[Available records]
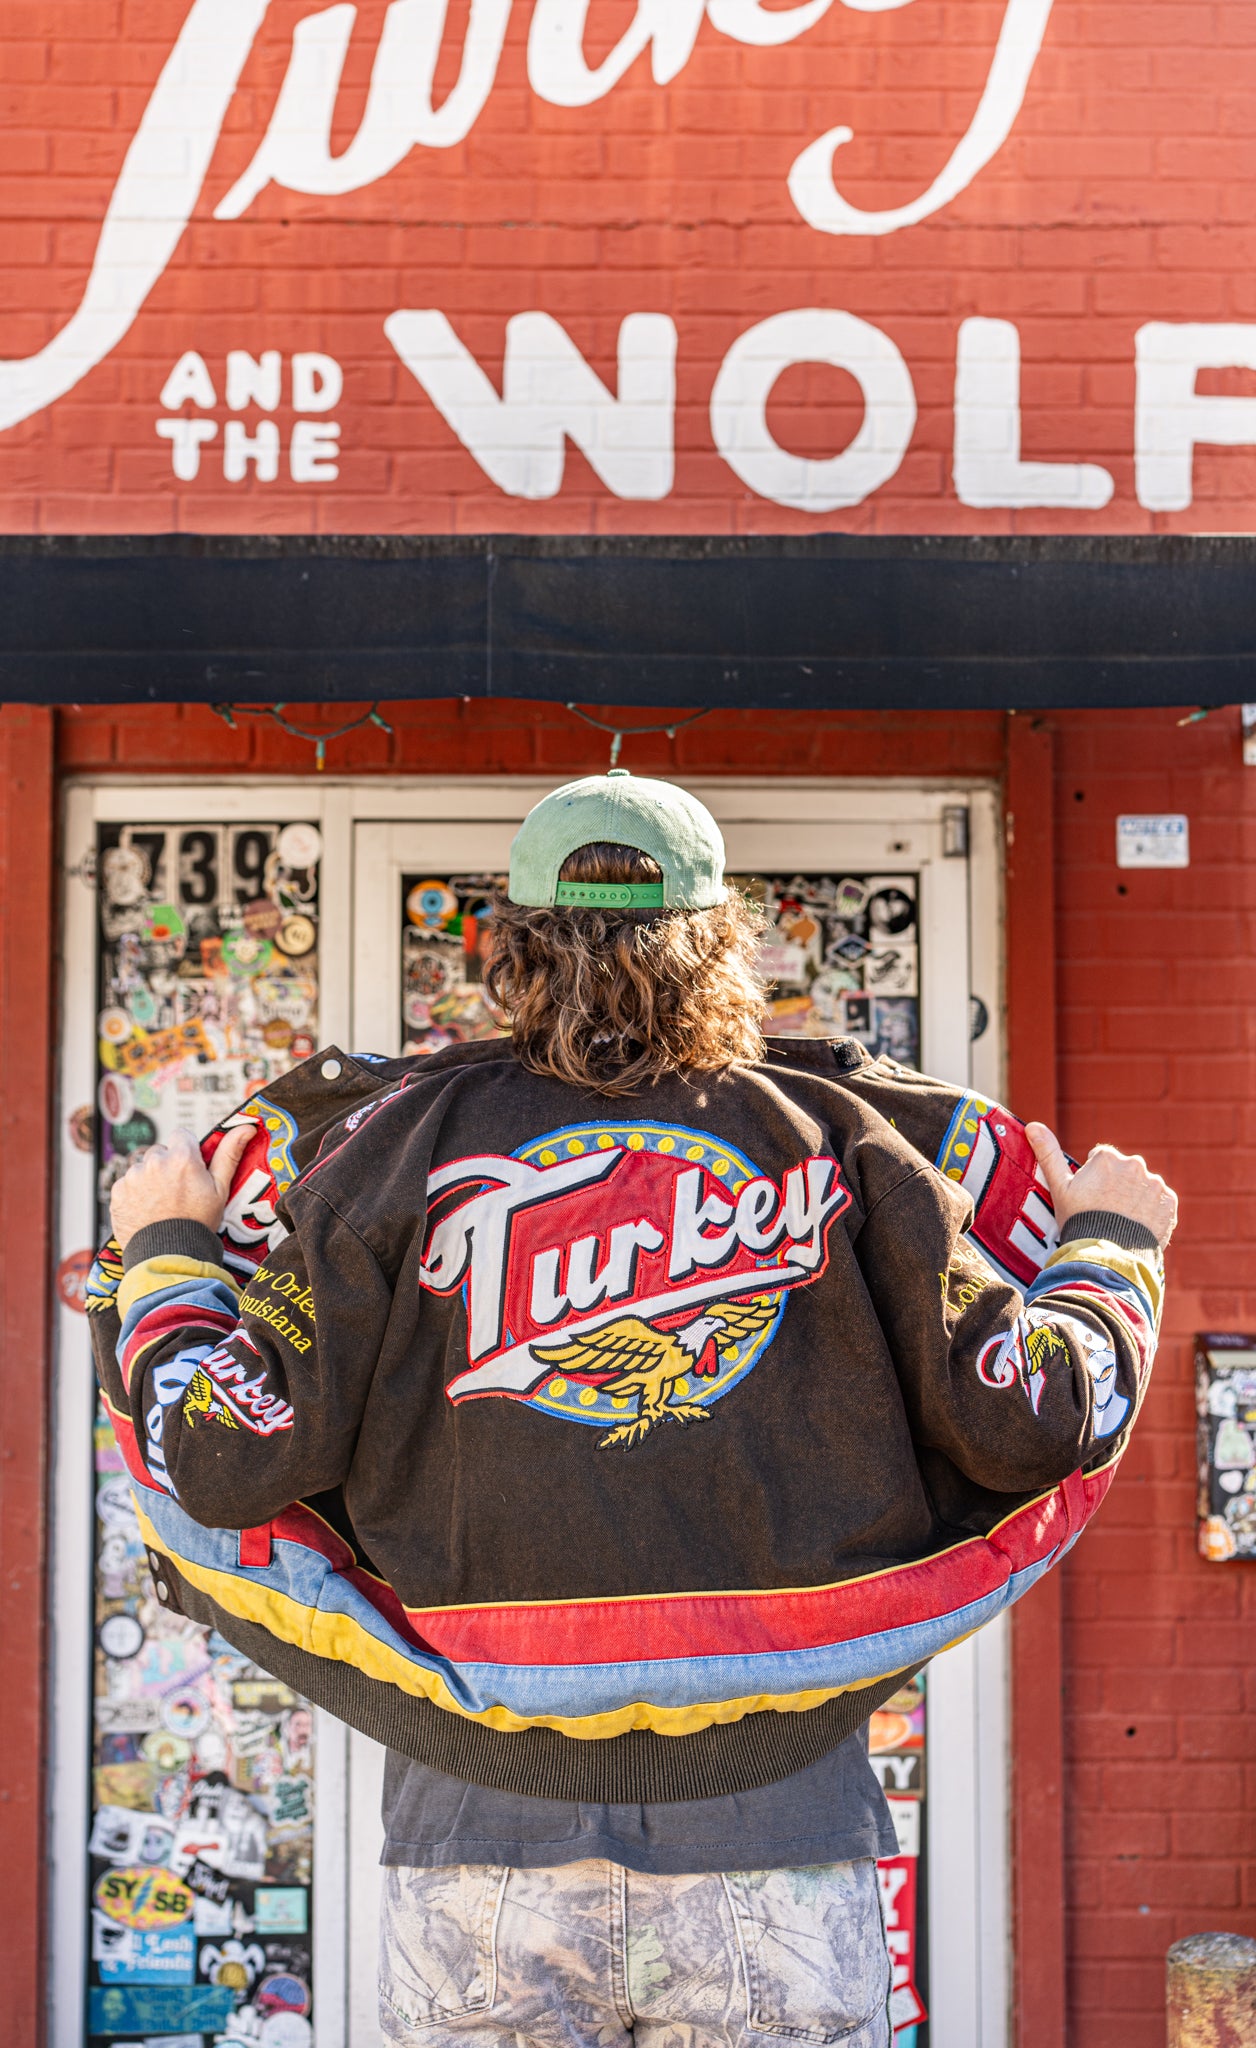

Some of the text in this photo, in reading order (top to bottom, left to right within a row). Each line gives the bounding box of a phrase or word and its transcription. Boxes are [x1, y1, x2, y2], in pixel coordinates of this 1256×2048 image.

[157, 350, 344, 414] AND
[155, 418, 342, 484] THE
[420, 1146, 852, 1368] Turkey
[239, 1293, 313, 1354] ouisiana
[200, 1347, 295, 1437] urkey
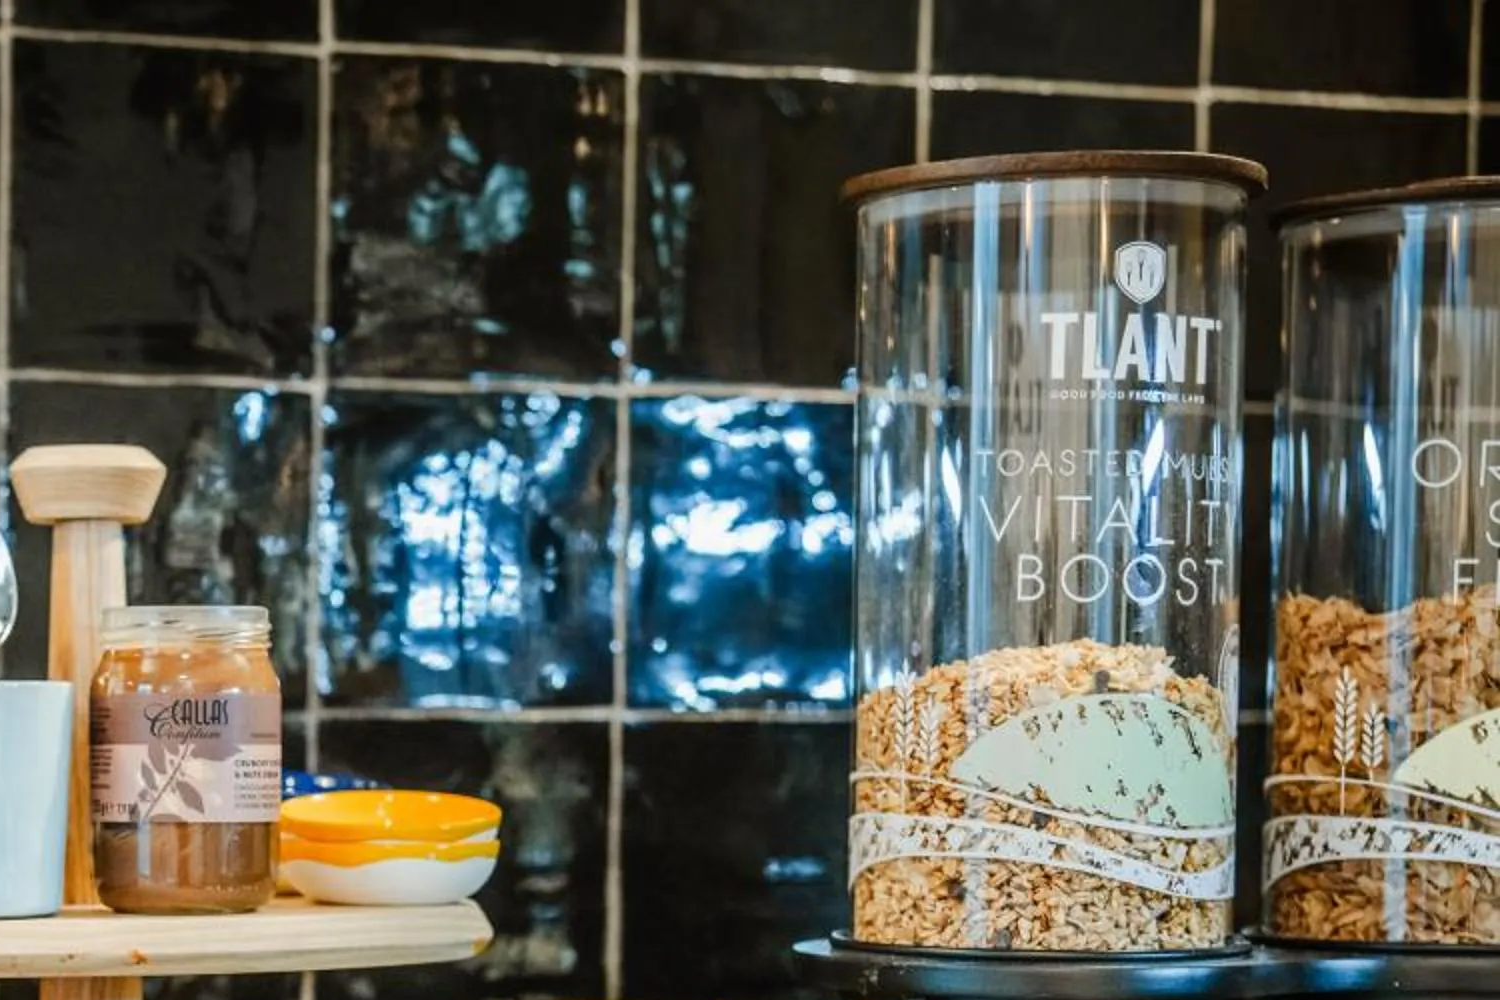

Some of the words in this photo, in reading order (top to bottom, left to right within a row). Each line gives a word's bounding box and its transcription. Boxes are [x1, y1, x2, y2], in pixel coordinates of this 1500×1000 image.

[1041, 312, 1216, 385] TLANT
[975, 450, 1143, 477] TOASTED
[1162, 451, 1229, 483] MUES
[1017, 554, 1223, 607] BOOST
[171, 699, 229, 726] CALLAS
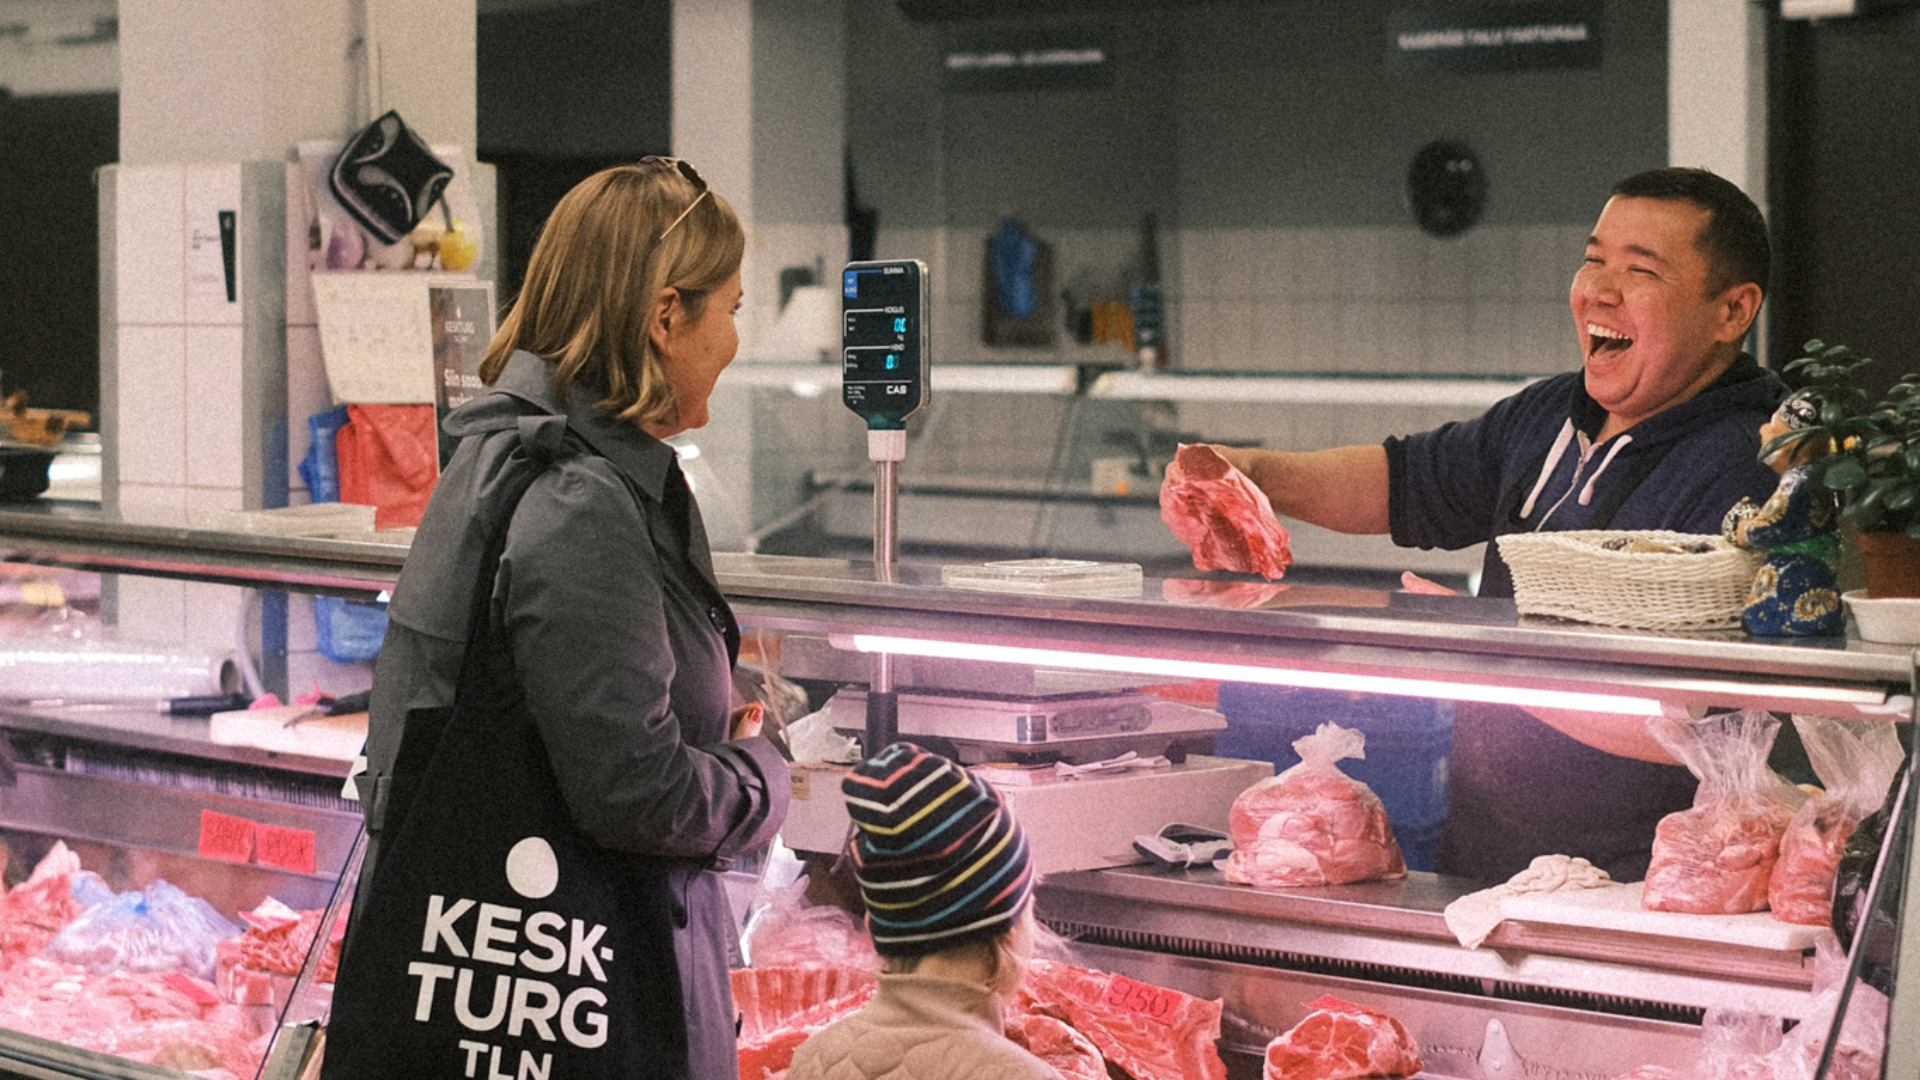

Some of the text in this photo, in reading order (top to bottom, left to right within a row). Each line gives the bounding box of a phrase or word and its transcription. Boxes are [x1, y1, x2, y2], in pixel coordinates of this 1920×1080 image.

[What to do] Pictures stay out; everything else in the listing above gets repeated exactly.

[Task output]
Some of the text in this photo, in reading order (top to bottom, left to right within a row). Each line gives the bounding box of a phrase or word and its transcription. Boxes are [x1, y1, x2, y2], in pixel coordinates of this 1256×2048 image.

[157, 350, 344, 414] AND
[155, 418, 342, 484] THE
[420, 1146, 852, 1368] Turkey
[239, 1293, 313, 1354] ouisiana
[200, 1347, 295, 1437] urkey

Some of the words in this photo, in reading order (top to bottom, left to right within a row). Each line gives a word's bounding box and its transcription. Boxes are [x1, y1, x2, y2], in pixel coordinates of this 1500×1000 image.

[1041, 312, 1216, 385] TLANT
[975, 450, 1143, 477] TOASTED
[1162, 451, 1229, 483] MUES
[1017, 554, 1223, 607] BOOST
[171, 699, 229, 726] CALLAS

Some of the text in this photo, in reading order (top to bottom, left to right within a row). Each line gives the bounding box of a phrase or word and its transcription. Boxes are [x1, y1, x2, y2], in pixel coordinates of this 1920×1080 image.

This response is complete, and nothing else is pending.